What the exercise asks: Restate the lines word for word, from the one containing "Some of the text" through the last line of the entries below, without any other lines.

Spatial localization data
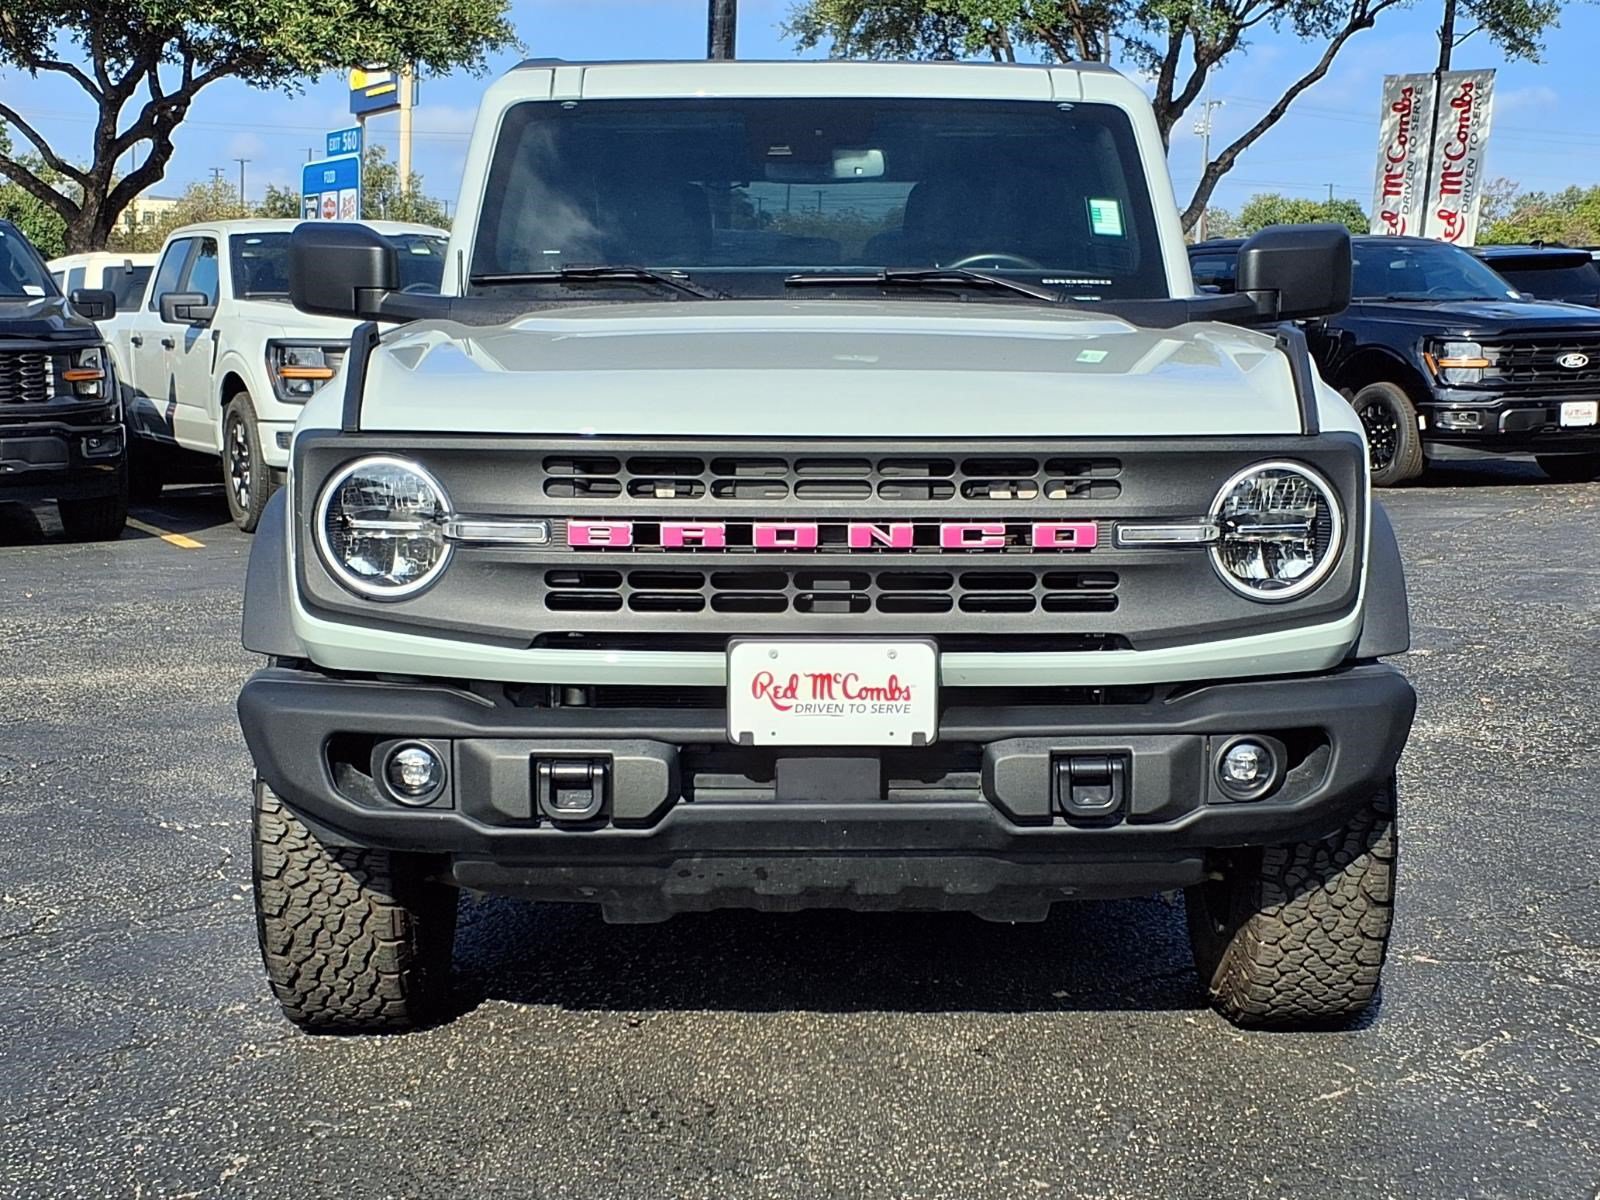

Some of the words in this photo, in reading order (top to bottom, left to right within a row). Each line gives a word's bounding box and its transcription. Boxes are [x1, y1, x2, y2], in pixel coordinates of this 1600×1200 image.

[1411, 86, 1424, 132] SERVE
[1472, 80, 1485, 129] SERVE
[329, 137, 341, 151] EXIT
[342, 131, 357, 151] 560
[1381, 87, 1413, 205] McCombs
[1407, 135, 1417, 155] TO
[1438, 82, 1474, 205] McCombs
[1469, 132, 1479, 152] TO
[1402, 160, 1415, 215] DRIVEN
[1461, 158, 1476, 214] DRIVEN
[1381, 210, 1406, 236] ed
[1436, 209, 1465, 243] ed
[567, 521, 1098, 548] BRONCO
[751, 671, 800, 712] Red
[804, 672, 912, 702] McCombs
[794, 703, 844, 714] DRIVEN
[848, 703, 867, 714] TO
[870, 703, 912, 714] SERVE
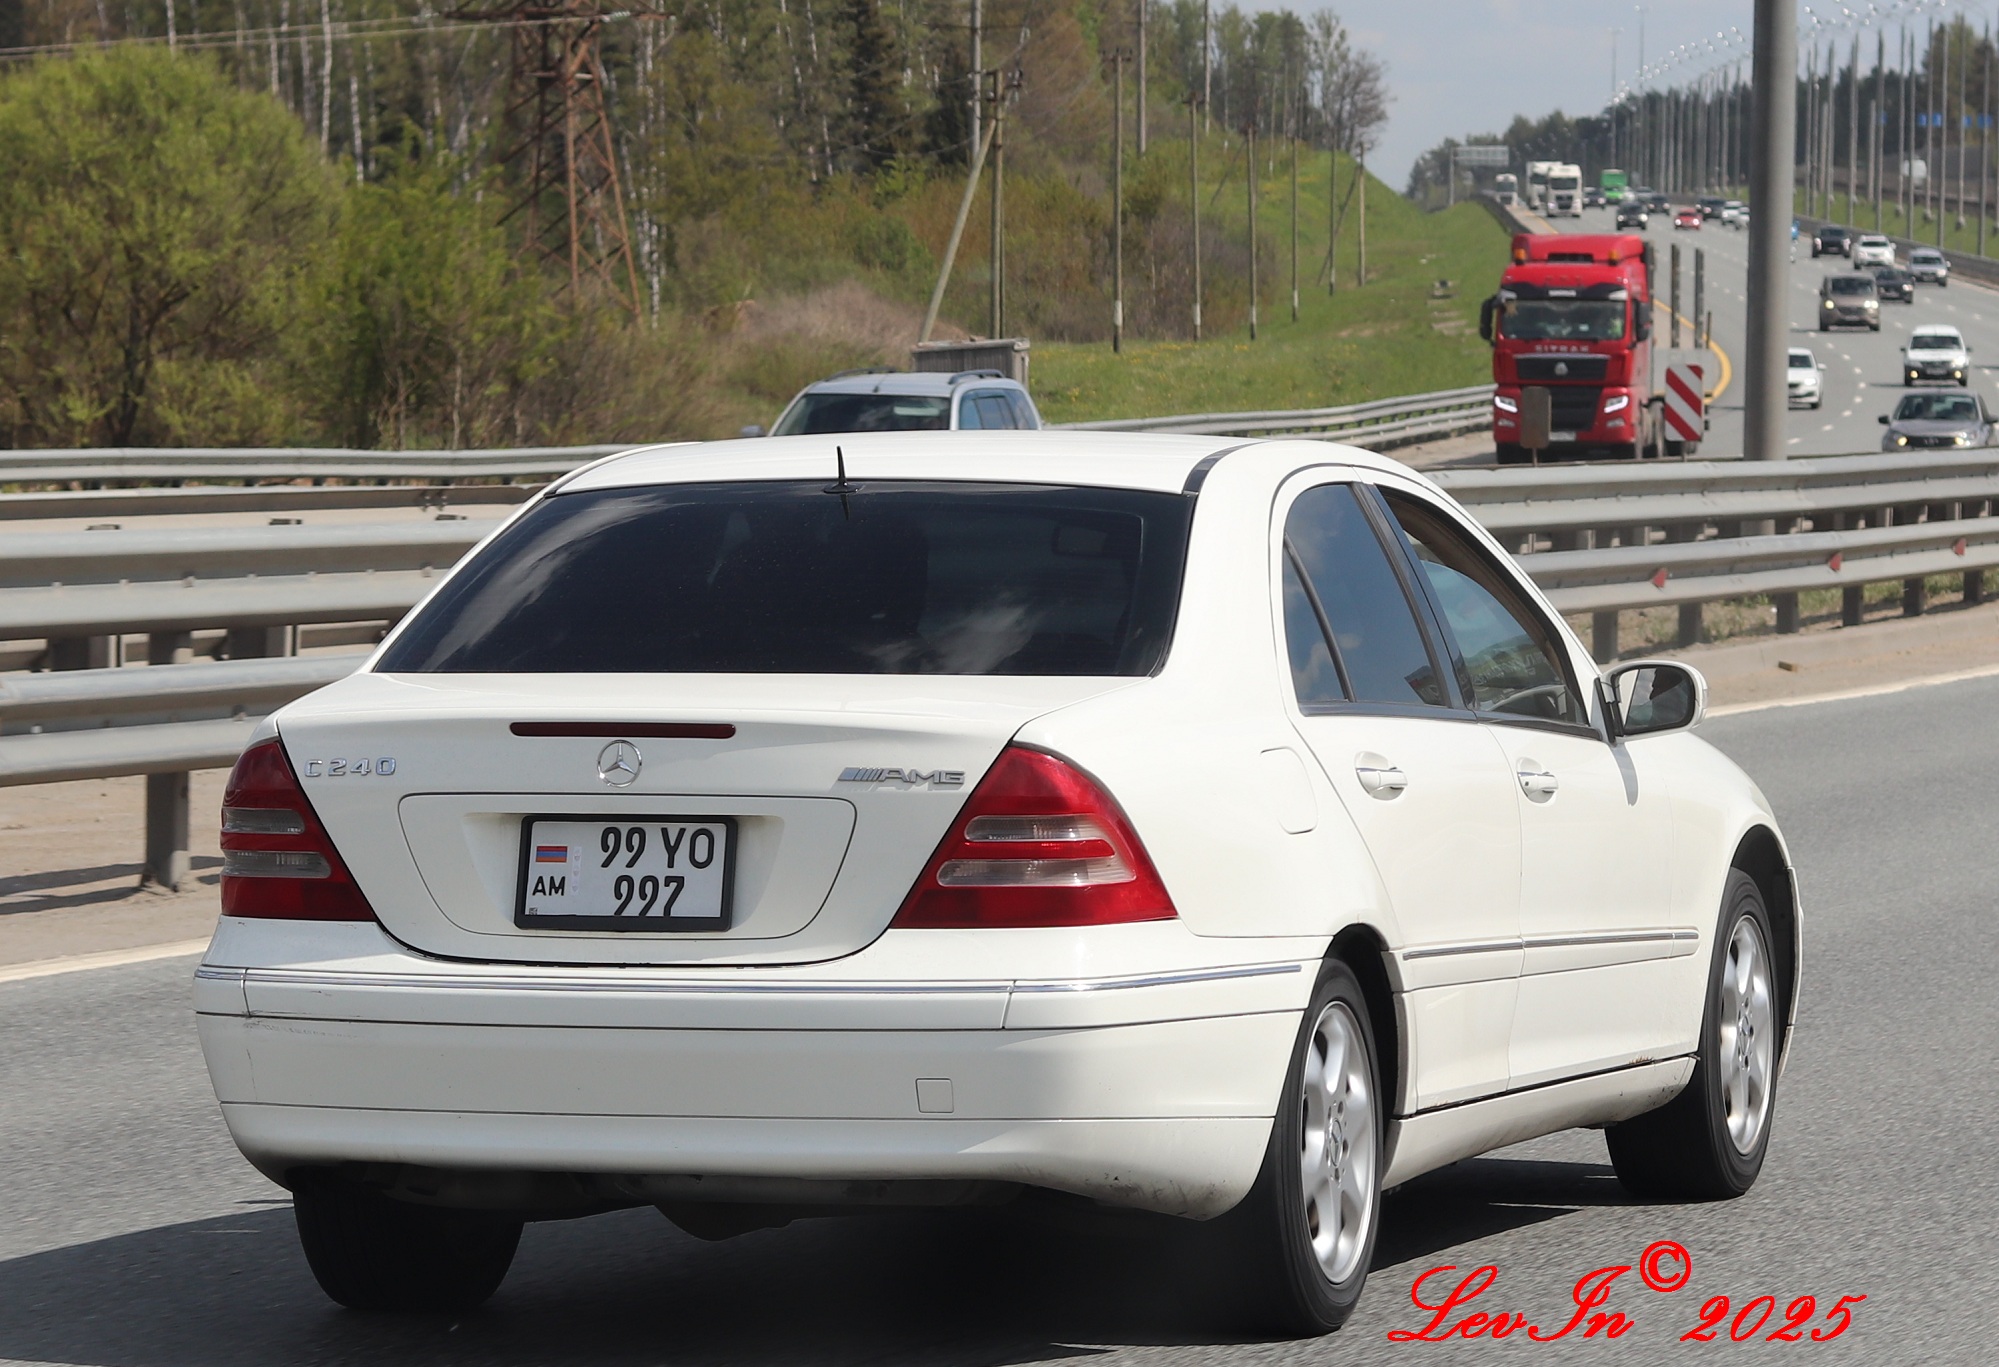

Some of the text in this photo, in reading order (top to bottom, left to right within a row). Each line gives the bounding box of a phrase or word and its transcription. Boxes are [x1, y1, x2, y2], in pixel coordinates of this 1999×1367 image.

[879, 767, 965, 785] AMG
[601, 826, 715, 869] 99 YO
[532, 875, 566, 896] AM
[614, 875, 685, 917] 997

Written solution:
Some of the text in this photo, in reading order (top to bottom, left to right within a row). Each line gives the bounding box of a phrase or word and its transcription. Boxes are [x1, y1, x2, y2], in pixel coordinates of this 1999×1367 image.

[879, 767, 965, 785] AMG
[601, 826, 715, 869] 99 YO
[532, 875, 566, 896] AM
[614, 875, 685, 917] 997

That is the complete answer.